Asterisk denotes entries on real places.
*Southern California. Upon his arrival in Los Angeles, Sal declares that Los Angeles is the loneliest city in America. Traveling with Terry, his Mexican lover, Sal walks down a main street, where there is a carnival atmosphere. Short of funds and finding no employment, Sal and Terry journey to Bakersfield to earn money by picking grapes. Finally, near Sabinal, they find work as cotton pickers. They rent a tent for a dollar, and though Sal’s wages provide only for day-to-day subsistence, Sal is wonderfully in love and feels happy that he is living off the earth, as he always dreamed he would be. Nevertheless, the chill of October arrives, and Sal has the restless desire to leave. Sal and Terry promise to meet in New York, but each knows the meeting will never come to pass. Getting a ride to Los Angeles, Sal stops at Columbia Pictures, where his rejected manuscript awaits him. Instead of embarking on a Hollywood career, Sal finds himself making baloney sandwiches in a parking lot, waiting for the departure of his bus.
*New Orleans. Louisiana’s largest and most cosmopolitan city.
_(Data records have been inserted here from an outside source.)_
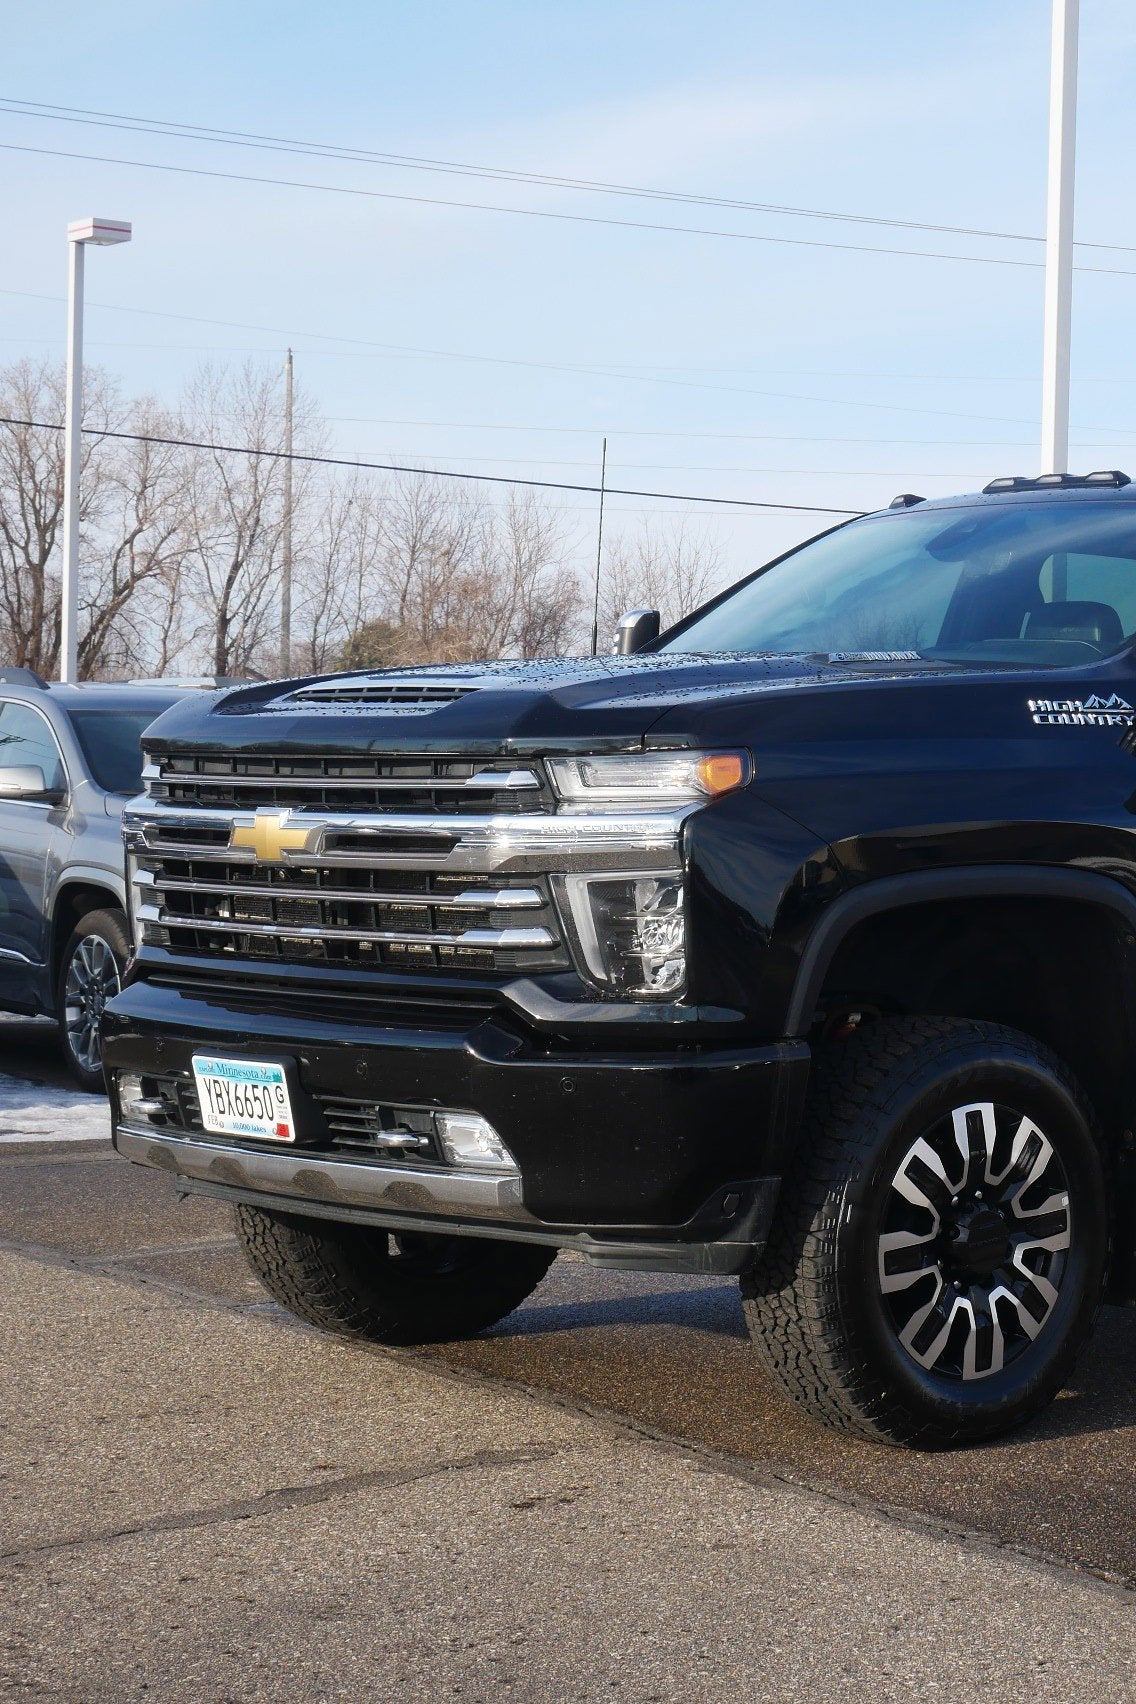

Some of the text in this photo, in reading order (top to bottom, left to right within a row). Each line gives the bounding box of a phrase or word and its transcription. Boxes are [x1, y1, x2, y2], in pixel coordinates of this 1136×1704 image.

[1028, 699, 1083, 712] HIGH
[1033, 713, 1134, 726] COUNTRY
[215, 1062, 260, 1079] Minnesota
[203, 1077, 274, 1122] YBX6650
[275, 1085, 285, 1104] G
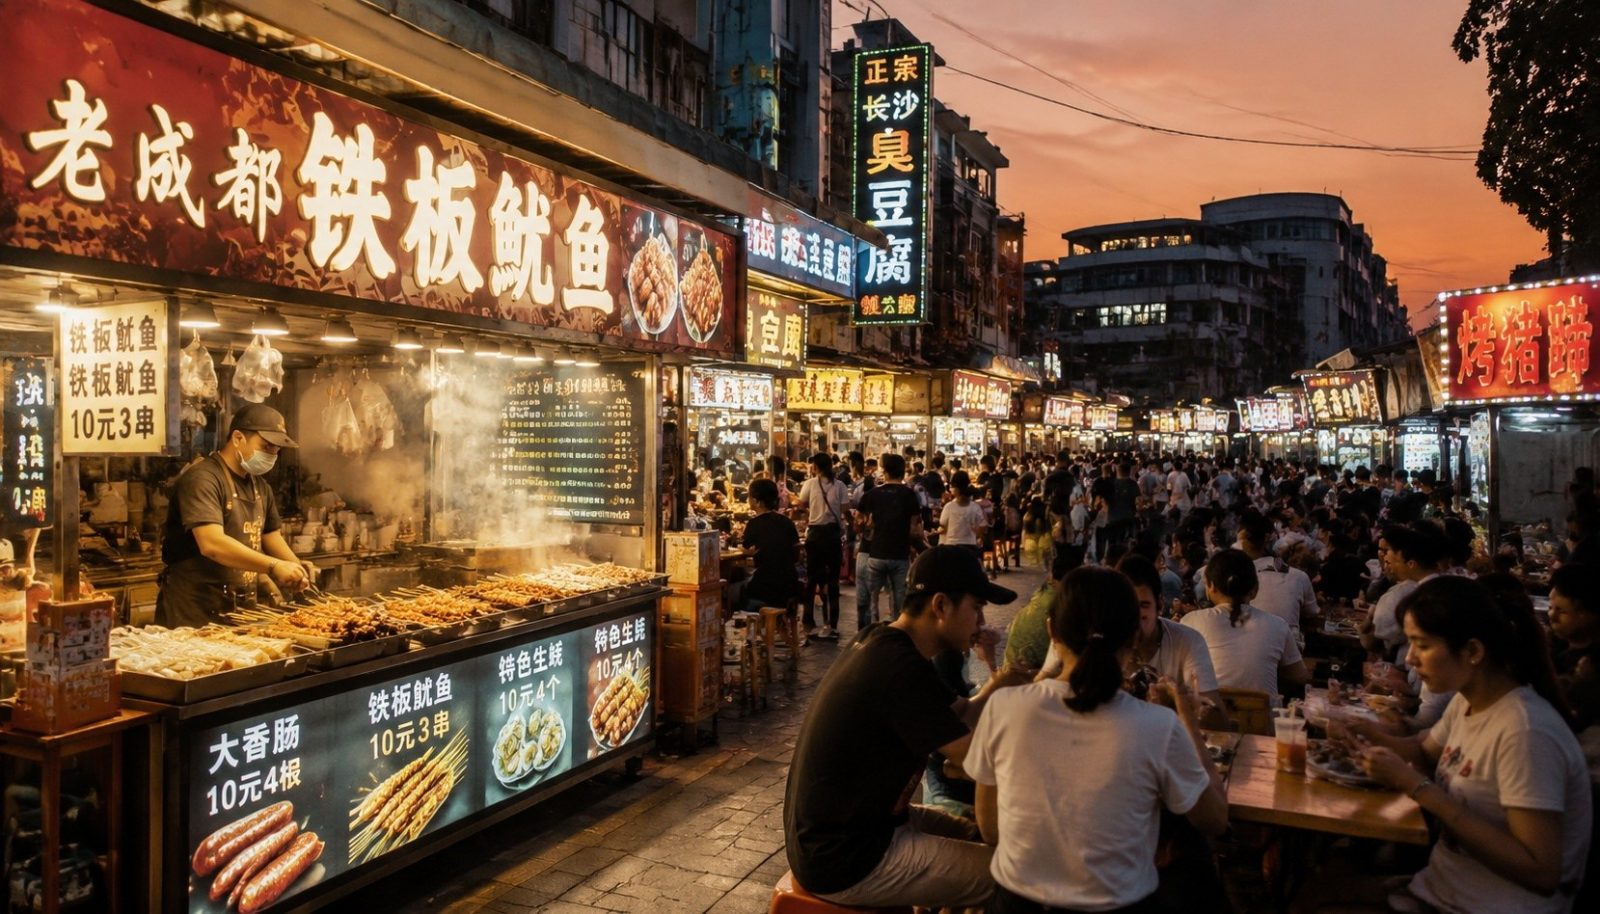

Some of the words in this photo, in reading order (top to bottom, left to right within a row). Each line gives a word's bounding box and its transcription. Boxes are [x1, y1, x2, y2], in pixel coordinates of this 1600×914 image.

[862, 89, 920, 122] 长沙
[28, 79, 614, 315] 老成都铁板鱿鱼
[69, 315, 157, 354] 铁板鱿鱼
[1457, 295, 1593, 387] 烤猪蹄
[69, 359, 158, 398] 铁板鱿鱼
[71, 405, 155, 440] 10元3串
[368, 672, 453, 725] 铁板鱿鱼
[499, 674, 561, 715] 10元4个
[208, 713, 300, 776] 大香肠
[369, 710, 450, 760] 10元3串
As Dean, Sal, and others drive along, they are thrilled to hear jazz playing on the radio. New Orleans appears ahead of them, and they anticipate the excitement of the city. The women on the streets are stunningly beautiful. On the ferry across the Mississippi River, Sal appreciates the great American river.
*Algiers. District of New Orleans. Arriving in Algiers, the traveling band finds the dilapidated house of Old Bull Lee. Sal and Dean hope to visit exciting bars in New Orleans, but Bull insists that the bars are all dreary and takes his friends to the dullest places. Later, when Sal wants to look at the Mississippi, he finds that a fence blocks his view. As days go by, Bull reveals his eccentricities and distrust of bureaucracy, and they begin to weary of one another’s company. Finally, in the dusky light, Dean, Marylou, and Sal get in their car and head to California.
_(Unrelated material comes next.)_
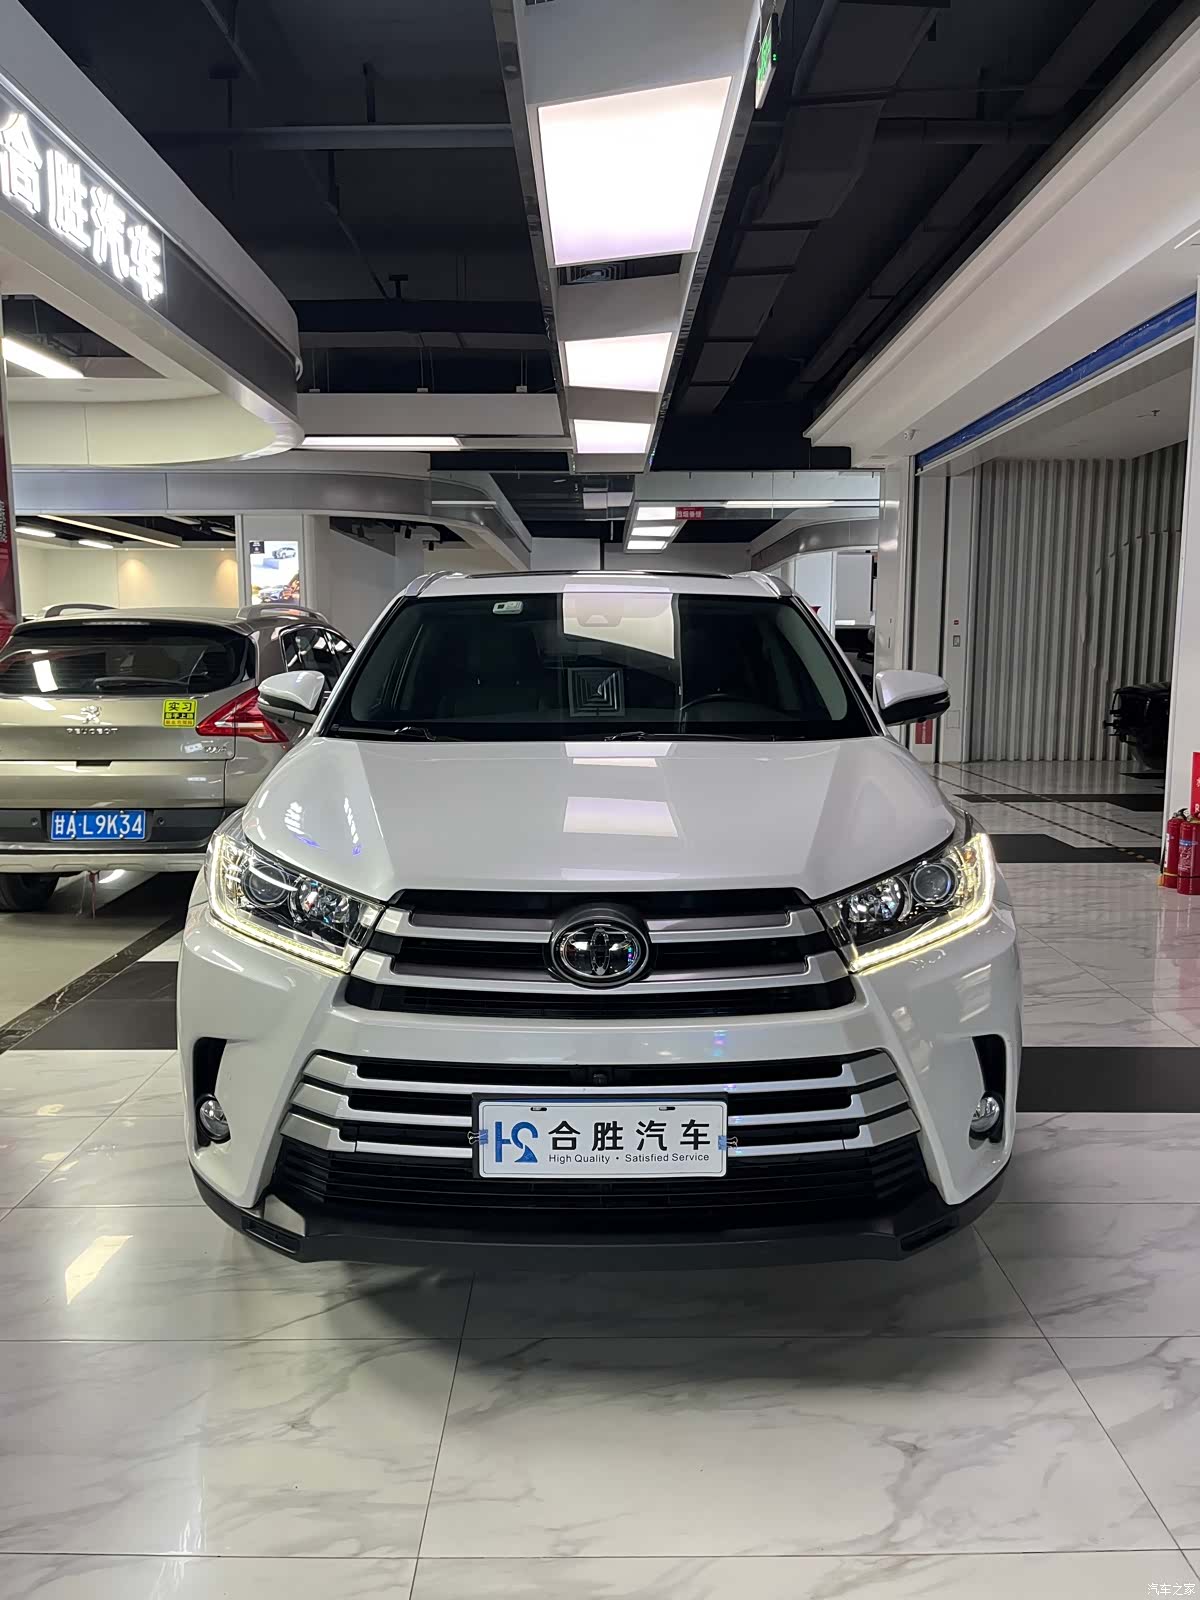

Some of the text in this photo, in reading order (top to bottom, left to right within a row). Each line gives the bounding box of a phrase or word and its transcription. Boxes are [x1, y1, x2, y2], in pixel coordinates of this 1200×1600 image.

[0, 112, 164, 302] 合胜汽车
[168, 701, 193, 712] 实习
[548, 1119, 711, 1152] 合胜汽车
[548, 1153, 710, 1165] High Quality Satisfied Service
*Mexico. Sal, Dean, and Stan drive into Mexico, and Sal takes the wheel. He notices the surrounding jungle and the road that rises into the mountains. In Gregoria, a young Mexican named Victor approaches and provides marijuana and prostitutes. A wild night of intoxication, sex, music, and dancing ensues, making Sal feel that he is experiencing the end of the world. Nevertheless, as soon as Sal and Dean leave Gregoria, the road slopes downward.
The night is dark and steamy hot, with bugs swarming and biting. On the map, the men see that they have crossed the Tropic of Cancer. Caked with dead bugs and stinking in their sweaty shirts, they proceed to Ciudad Mante. After refueling there, Sal, Dean, and Stan begin another ascent. At an elevation of more than one mile, they discover a tiny thatched hut. They meet some native children, whose eyes are like those of the Virgin Mary. Sal is especially impressed that these native people are oblivious to atomic weaponry and its power to destroy everything. Their old Ford rolls on, and soon the men are immersed in the frantic pace of Mexico City. Sal becomes delirious after contracting dysentery, and Dean, having secured his Mexican divorce papers, abandons Sal to make his return trip.